We all know how diamonds are formed. You take a lump of carbon and subject it to intense pressure and high temperatures and magically those carbon atoms are pressed into a diamond. The diamonds we are going to form will be a tad easier.
This month’s safety column is the third in our series on safe laboratory chemical management. Readers of our Safety Guys column were introduced to safe chemical handling with our “Planning Chemical Management for the Forensic Laboratory” article describing how to develop and implement a program for proper management of laboratory chemicals.1 As that article stated, it all begins with a complete, up to date, and accurate chemical inventory. Our second article “Making Sense of MSDS” was a tutorial on understanding material safety data sheets.2 This issue we are going to discuss the National Fire Protection Association (NFPA) hazard diamond, sometimes referred to as the fire diamond, and how to decipher the information it contains.3
Classes and the NFPA Hazard Diamond
Experienced laboratory managers know that there are four basic categories of chemicals: toxic, corrosive, flammable, and reactive. However, in our chemical world there are many additional categories and subsets of these main four. We should also keep in mind that many chemicals exhibit a combination of properties and would fall into more than a single class or category. These four properties are the foundation of the NFPA hazard diamond. Coincidentally, these four categories are the main criteria used to define wastes as hazardous under the federal Resource Conservation and Recovery Act (RCRA). The hazard diamond has gained wide acceptance and most manufacturers include it on their labels when appropriate. Figure 1 shows the layout of the different sections and our discussion will start at the top and work clockwise around the diamond.
Figure 1: NFPA Hazard Diamond
The top of the diamond indicates the flammability hazard. The chemical is rated from zero to four. A zero means the material will not burn under most common circumstances. Examples include hydrogen peroxide and sodium hydroxide. A one indicates the material will ignite and burn at temperatures greater than 200°F. Materials that fall into this category are glycerine and propylene glycol. A two indicates substances that will burn at temperatures less than 200°F like naphthalene, octyl alcohol, and nitrobenzene. A rating of three denotes materials with flashpoints below 100°F such as xylene, amyl acetate, and butyl alcohol. Finally, a four indicates extremely flammable substances. These are things like acetone, ethyl ether, acetylene, and cyclohexane.
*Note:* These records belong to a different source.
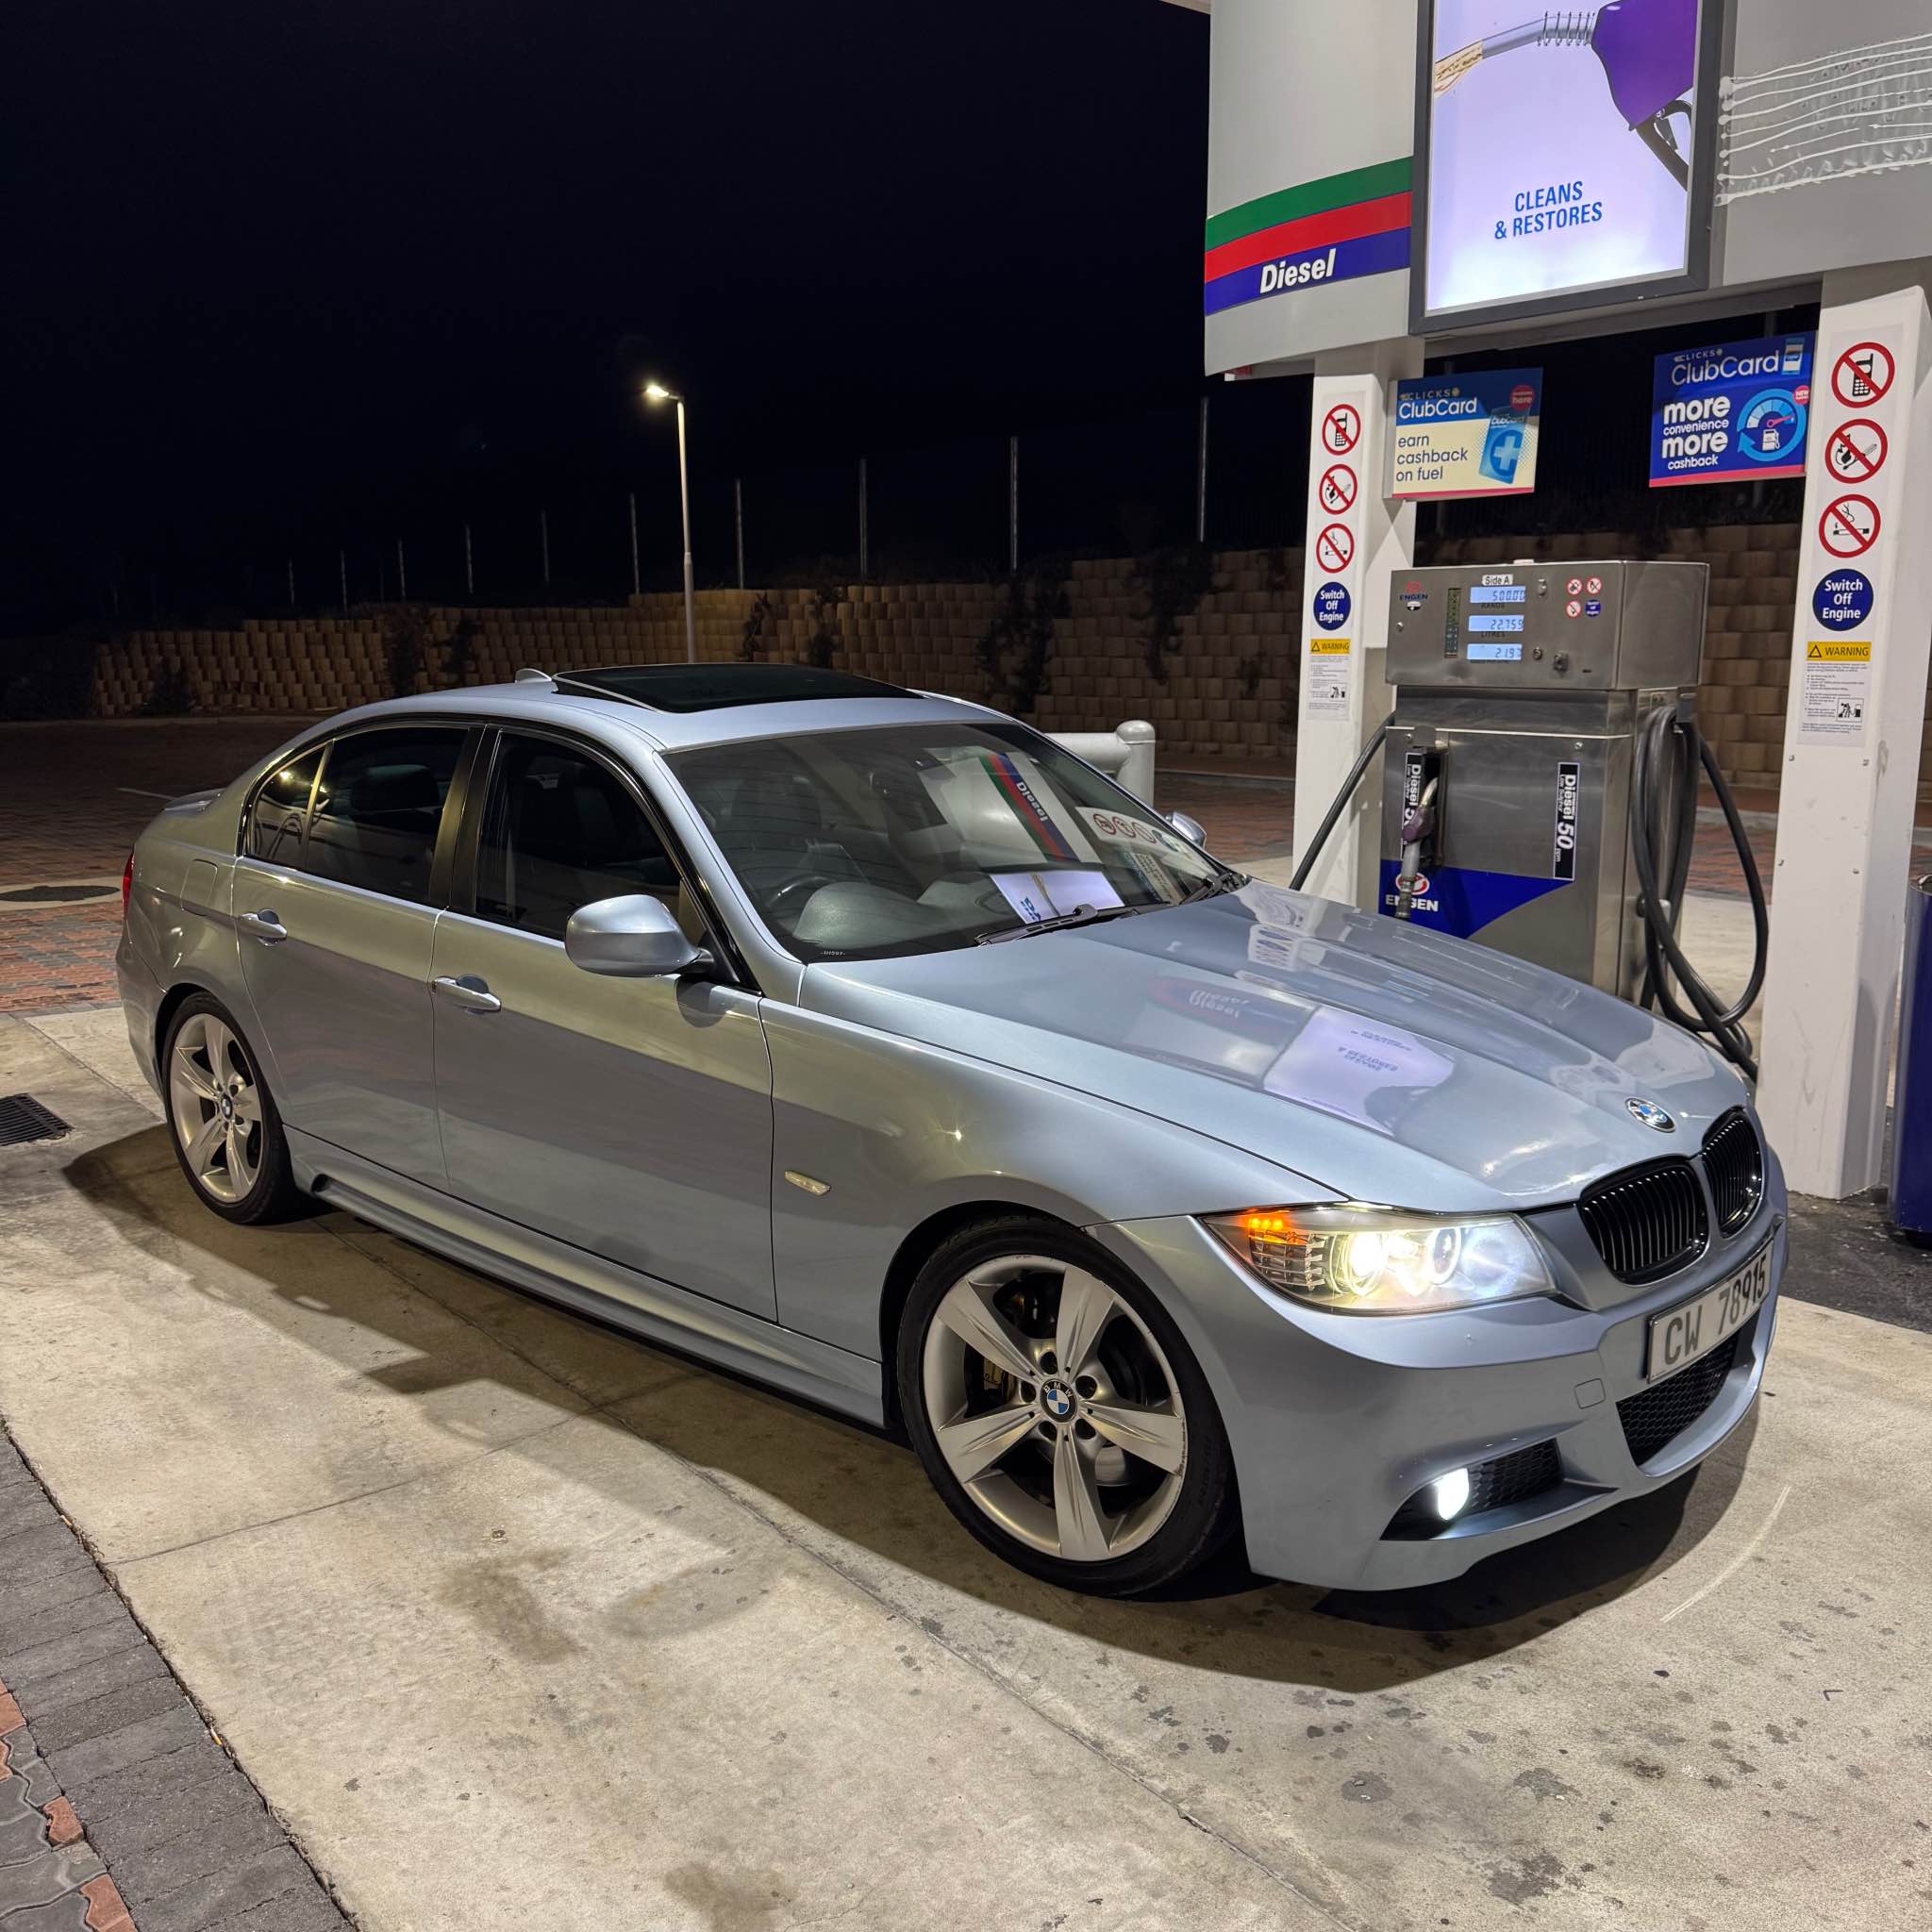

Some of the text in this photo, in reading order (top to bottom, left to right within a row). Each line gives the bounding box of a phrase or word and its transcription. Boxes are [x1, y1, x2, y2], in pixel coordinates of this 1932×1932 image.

[1514, 180, 1583, 212] CLEANS
[1494, 201, 1604, 240] & RESTORES
[1259, 248, 1337, 294] Diesel
[1672, 350, 1779, 386] ClubCard
[1408, 389, 1452, 401] CLICKS
[1399, 397, 1477, 419] ClubCard
[1663, 396, 1731, 425] more
[1663, 419, 1730, 437] convenience
[1398, 435, 1429, 448] earn
[1662, 431, 1728, 459] more
[1397, 447, 1469, 465] cashback
[1667, 455, 1719, 471] cashback
[1396, 466, 1443, 482] on fuel
[1485, 575, 1510, 585] Side A
[1824, 579, 1863, 592] Switch
[1321, 590, 1345, 600] Switch
[1833, 592, 1853, 606] Off
[1325, 600, 1339, 610] Off
[1319, 612, 1344, 624] Engine
[1823, 608, 1861, 622] Engine
[1321, 641, 1350, 650] WARNING
[1824, 646, 1870, 657] WARNING
[1409, 764, 1422, 807] Diesel
[1557, 774, 1576, 850] Diesel 50
[1664, 1253, 1767, 1365] CW 78915
[1043, 1381, 1074, 1398] BMW
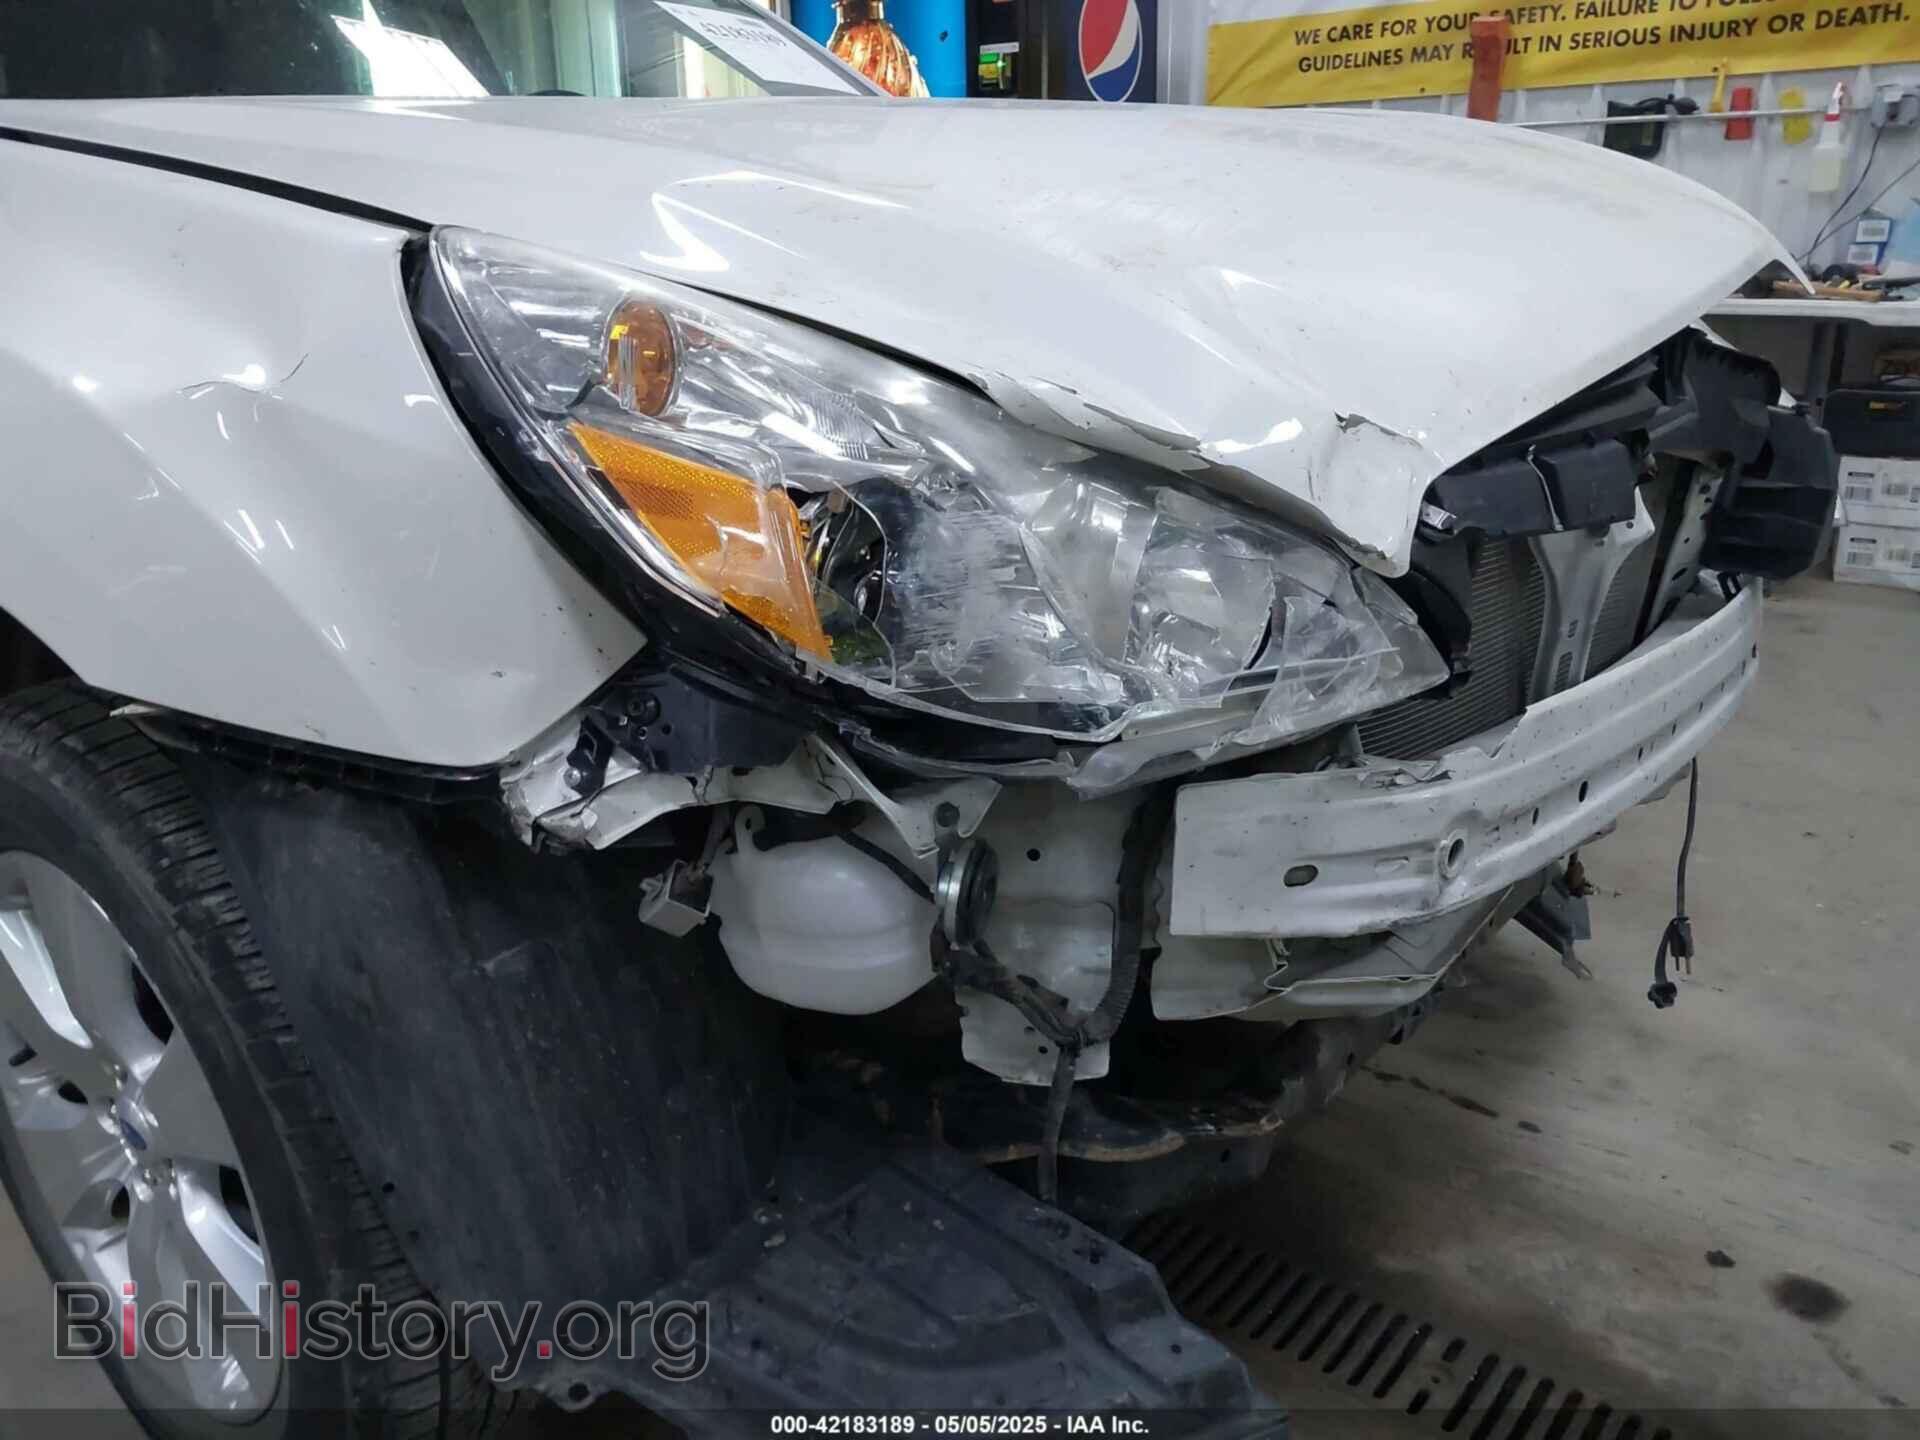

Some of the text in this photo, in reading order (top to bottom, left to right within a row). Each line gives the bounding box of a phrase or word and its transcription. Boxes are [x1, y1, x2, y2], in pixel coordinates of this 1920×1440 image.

[1295, 29, 1321, 46] WE
[1327, 23, 1374, 43] CARE
[1380, 18, 1416, 37] FOR
[1574, 0, 1659, 21] FAILURE
[1298, 48, 1402, 73] GUIDELINES
[1410, 43, 1454, 63] MAY
[1538, 34, 1562, 52] IN
[1568, 26, 1661, 51] SERIOUS
[1669, 17, 1758, 43] INJURY
[1767, 14, 1805, 34] OR
[1815, 3, 1910, 30] DEATH.
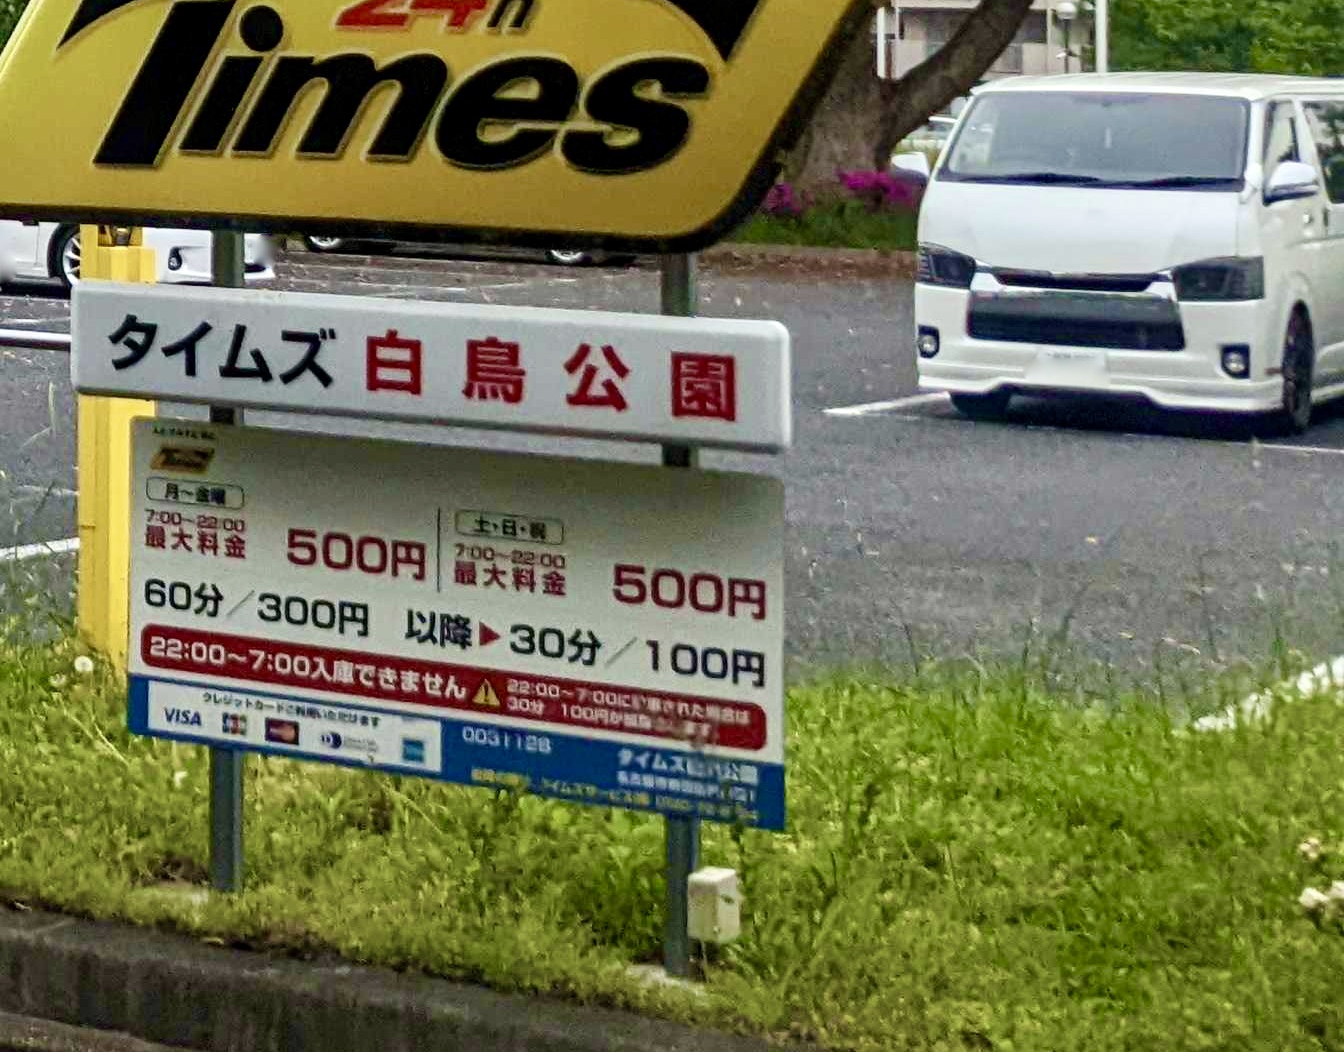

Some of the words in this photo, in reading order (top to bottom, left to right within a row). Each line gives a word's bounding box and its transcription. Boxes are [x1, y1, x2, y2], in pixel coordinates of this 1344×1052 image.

[109, 314, 338, 388] タイムズ
[364, 328, 738, 423] 白鳥公園
[144, 525, 247, 560] 最大料金
[286, 528, 427, 581] 500円
[454, 560, 567, 596] 最大料金
[612, 564, 767, 621] 500円
[405, 609, 473, 650] 以降
[164, 706, 203, 727] VISA
Flammability may be the single most hazardous characteristic causing more injuries and damage than any of the others in the diamond. If there is anything other than a zero in this part of the diamond make sure to use this material with adequate ventilation, clean up spills immediately, and above all, keep heat and flame well away from the area of use.
Moving clockwise, as promised, the next part of the hazard diamond designates the potential reactivity of the material, which is also rated from zero to four. Zero indicates a stable chemical under most conditions, even fire. Substances that are normally stable but can become unstable when heated or may react with water, but not violently, are rated a one. Chemicals that are rated a two are normally unstable and readily undergo violent decomposition. They may also react violently with water. Materials with a rating of three are capable of an explosive reaction or detonation if subjected to a strong initiating source such as heat or shock. A four indicates substances that are readily capable of explosive decomposition or detonation at normal temperatures.
For illustration of the reactivity, consider the following examples. Liquid nitrogen would receive a zero rating. It is stable, non-flammable, and non-reactive with water. Phosphorus (red or white) is rated a one since it can become unstable at elevated temperatures. Calcium metal rates a two. Less reactive than sodium, it reacts violently with water, alcohols, and other materials and burns in air. Fluorine gas is an example of reactive material rating a three. It is the most reactive non-metal, decomposes in water producing hydrofluoric acid and other hazardous compounds, and reacts vigorously with most oxidizable substances at room temperature, usually with ignition. An example of a class four reactive substance is trinitrotoluene or TNT. We are all familiar with its explosive properties.